Government closely monitoring fiscal risks to determine if, when and where adjustments may be necessary
The Bahamas continues to feel the impact of the worst global economic crisis in modern history, and the Government is actively responding consistent with the budget plan for Fiscal Year 2020/21. The focus remains on funding critical government services, public health and social safety needs in particular, as well as the prudent management of the government’s fiscal resources.
Preliminary data on the budget performance for FY2019/20 shows the dramatic impact of Hurricane Dorian and the Coronavirus (COVID-19) global pandemic on the fiscal performance. The deficit saw an estimated threefold increase to $788.1 million, from $219.3 million in the previous year, when the Government then achieved the lowest fiscal deficit in over a decade.
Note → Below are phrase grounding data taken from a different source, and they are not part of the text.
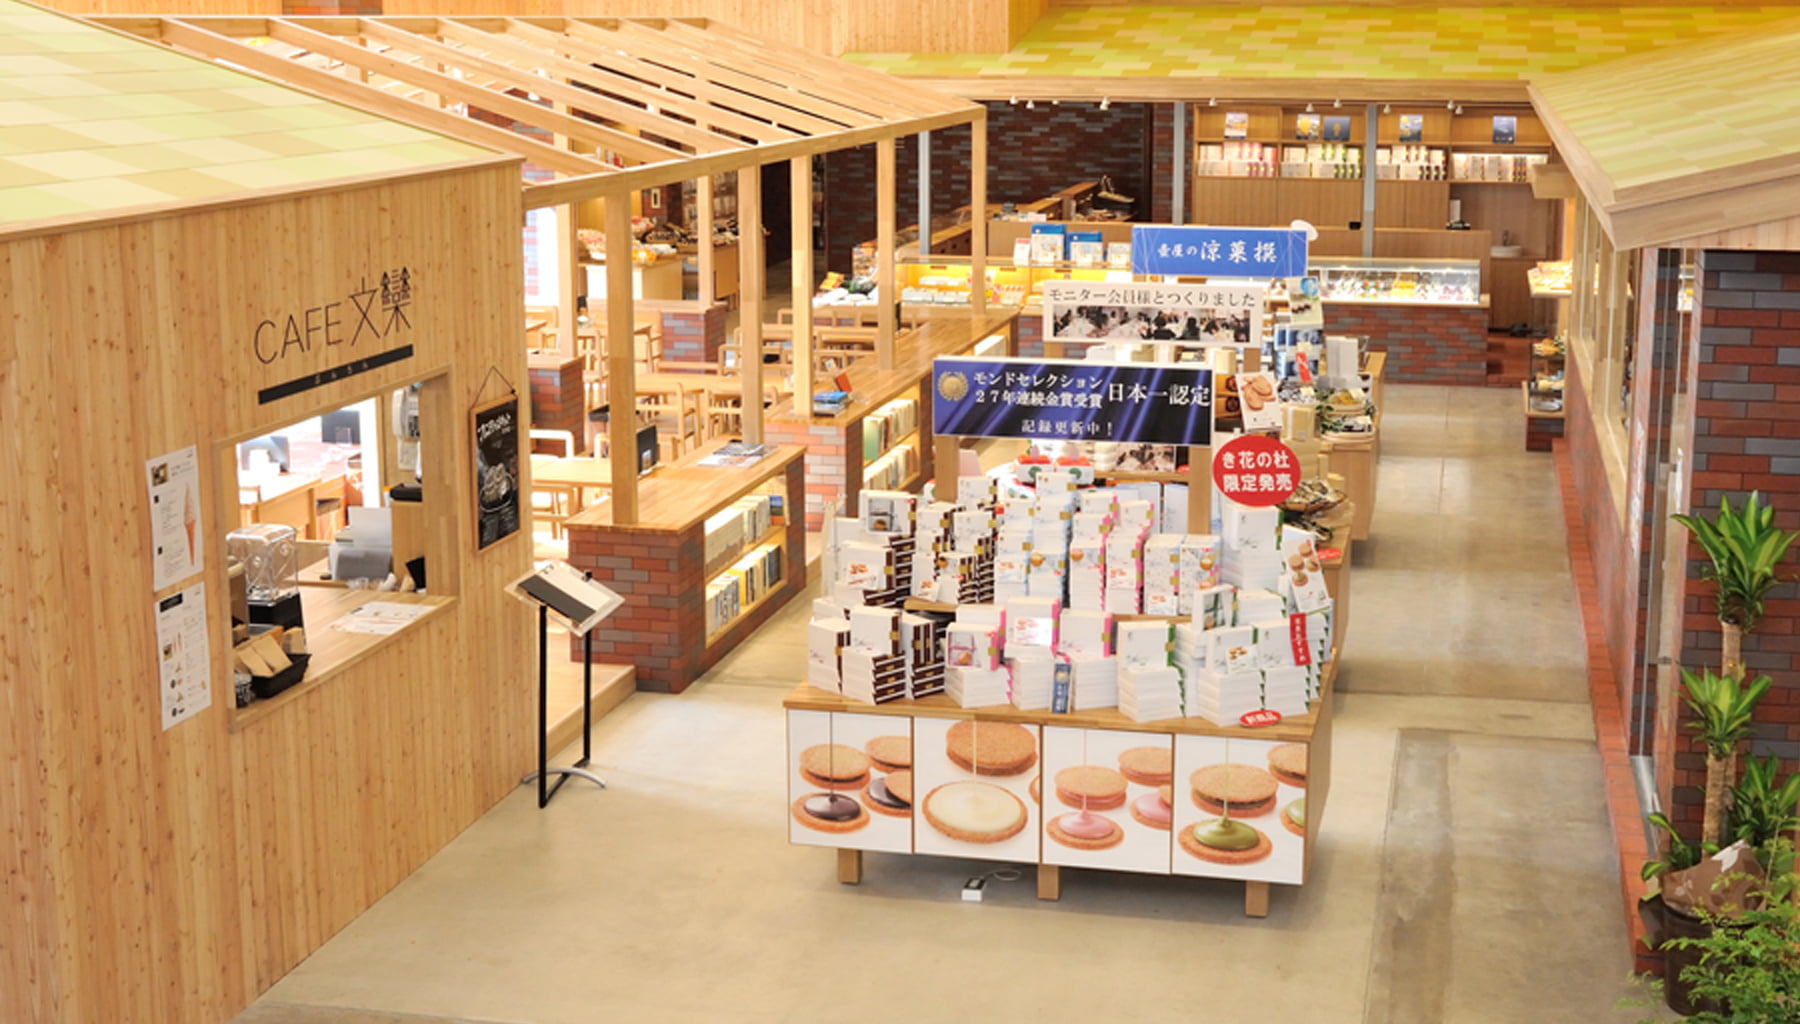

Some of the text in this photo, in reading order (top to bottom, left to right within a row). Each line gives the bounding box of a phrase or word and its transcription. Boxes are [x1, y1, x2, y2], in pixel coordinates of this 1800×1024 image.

[1049, 287, 1256, 307] モニター会員様とつくりました
[254, 302, 343, 365] CAFE
[973, 372, 1103, 390] モンドセレクション
[1108, 383, 1211, 407] 日本一認定
[1222, 450, 1291, 470] き花の杜
[1223, 472, 1293, 493] 限定発売
“Despite the strain on Government finances, we continue to meet our obligations while playing an important role to sustain domestic economic activity. Consistent with our budgeted plans, we are disbursing millions in unemployment assistance, maintaining public service salaries, and engaging in targeted capital expenditures to support the COVID-19 response and the broader effort to restore the economy,” said K. Peter Turnquest, Deputy Prime Minister and Minister of Finance.
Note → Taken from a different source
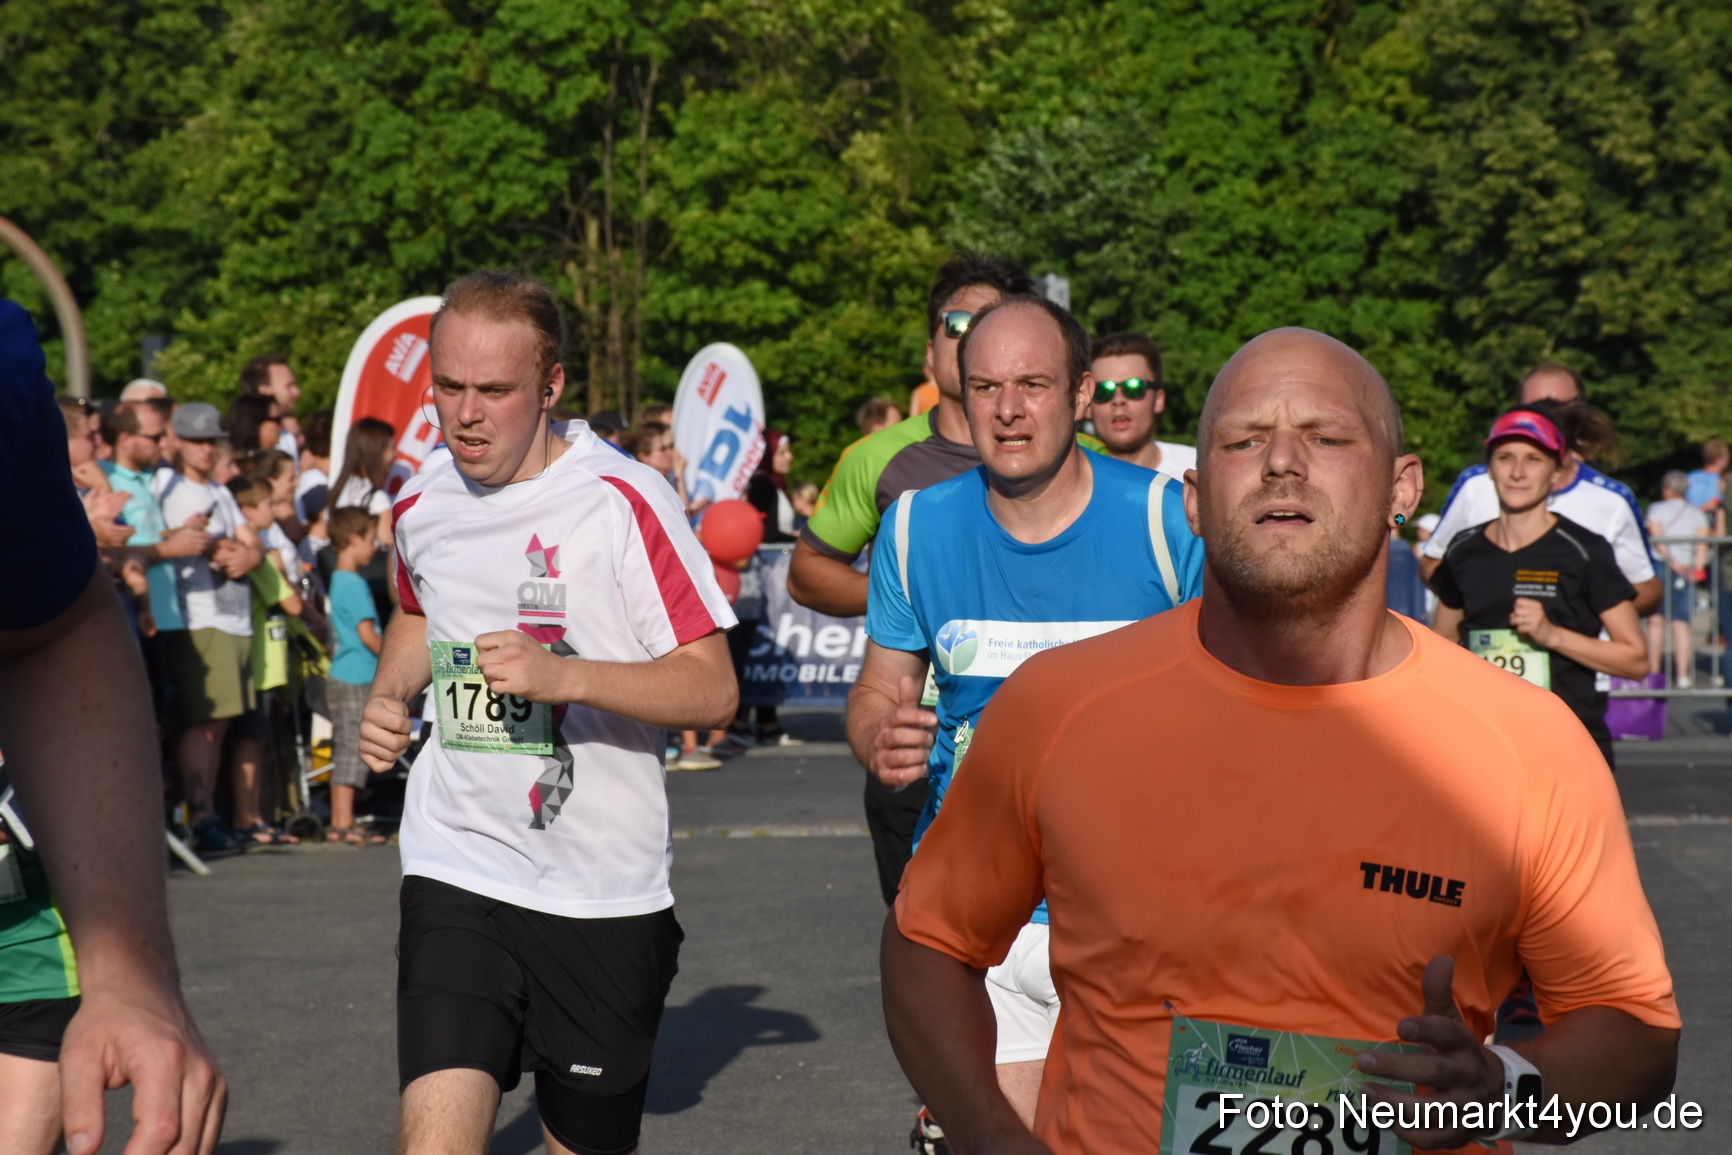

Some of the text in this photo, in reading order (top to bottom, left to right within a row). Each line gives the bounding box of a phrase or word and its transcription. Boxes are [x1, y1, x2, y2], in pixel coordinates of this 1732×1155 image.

“Prolonged shutdowns increase fiscal risks for all governments, including our own, which is why we are closely monitoring the situation. The coronavirus is not going away, so our highest priority is adapting so that business and commerce can occur safely despite COVID-19. The domestic economy is going to lead the way with a well-considered and balanced reopening strategy; this is not only important to restore the livelihoods of Bahamians, it is important for the country’s fiscal health. We are actively working on new models and testing our assumptions to determine if, when and where adjustments may be necessary,” said Minister Finance.
Revenue Overview
The severity of the COVID-19 impact on revenue performance was evident in the final quarter of the fiscal year with a pronounced 55.2% contraction in receipts, compared with the previous year. The impact was broad based with significant contractions in VAT receipts ($169.2 million), customs and import duties ($54.2 million), departure taxes ($27.6 million), license to conduct specific business activity ($37.6 million), and gaming taxes ($8.2 million).
Expenditure Overview
Recurrent and capital expenditures grew by a combined $231.7 million (8.8%) to $2877.2 million, largely due to outlays for Hurricane Dorian and COVID-19 initiatives. In the final quarter of FY2019/20, the Government spent over $57.3 million directly on COVID-19 related recurrent and capital expenditures. These items included $1.7 million to support the COVID-19 response in the Family Islands; $1.2 million to cover rental charges associated with Government-funded quarantine sites, and over $4 million to purchase medical supplies, including PPE, between the Ministry of Health and the Public Hospitals Authority. It also included $39 million to support business continuity programs for Bahamian small businesses.
Special Note: The Ministry of Finance routinely publishes budget performance reports at the end of each fiscal quarter. In light of the Ministry of Education’s COVID-19 update press conference scheduled for Monday, August 31, the Ministry of Finance will hold its press conference later in the week to discuss the FY19/20 Q4 Budget Performance Report, published today, and the current performance and future fiscal outlook in detail. The first quarter report for the new fiscal year, FY2020/21 will be published in October.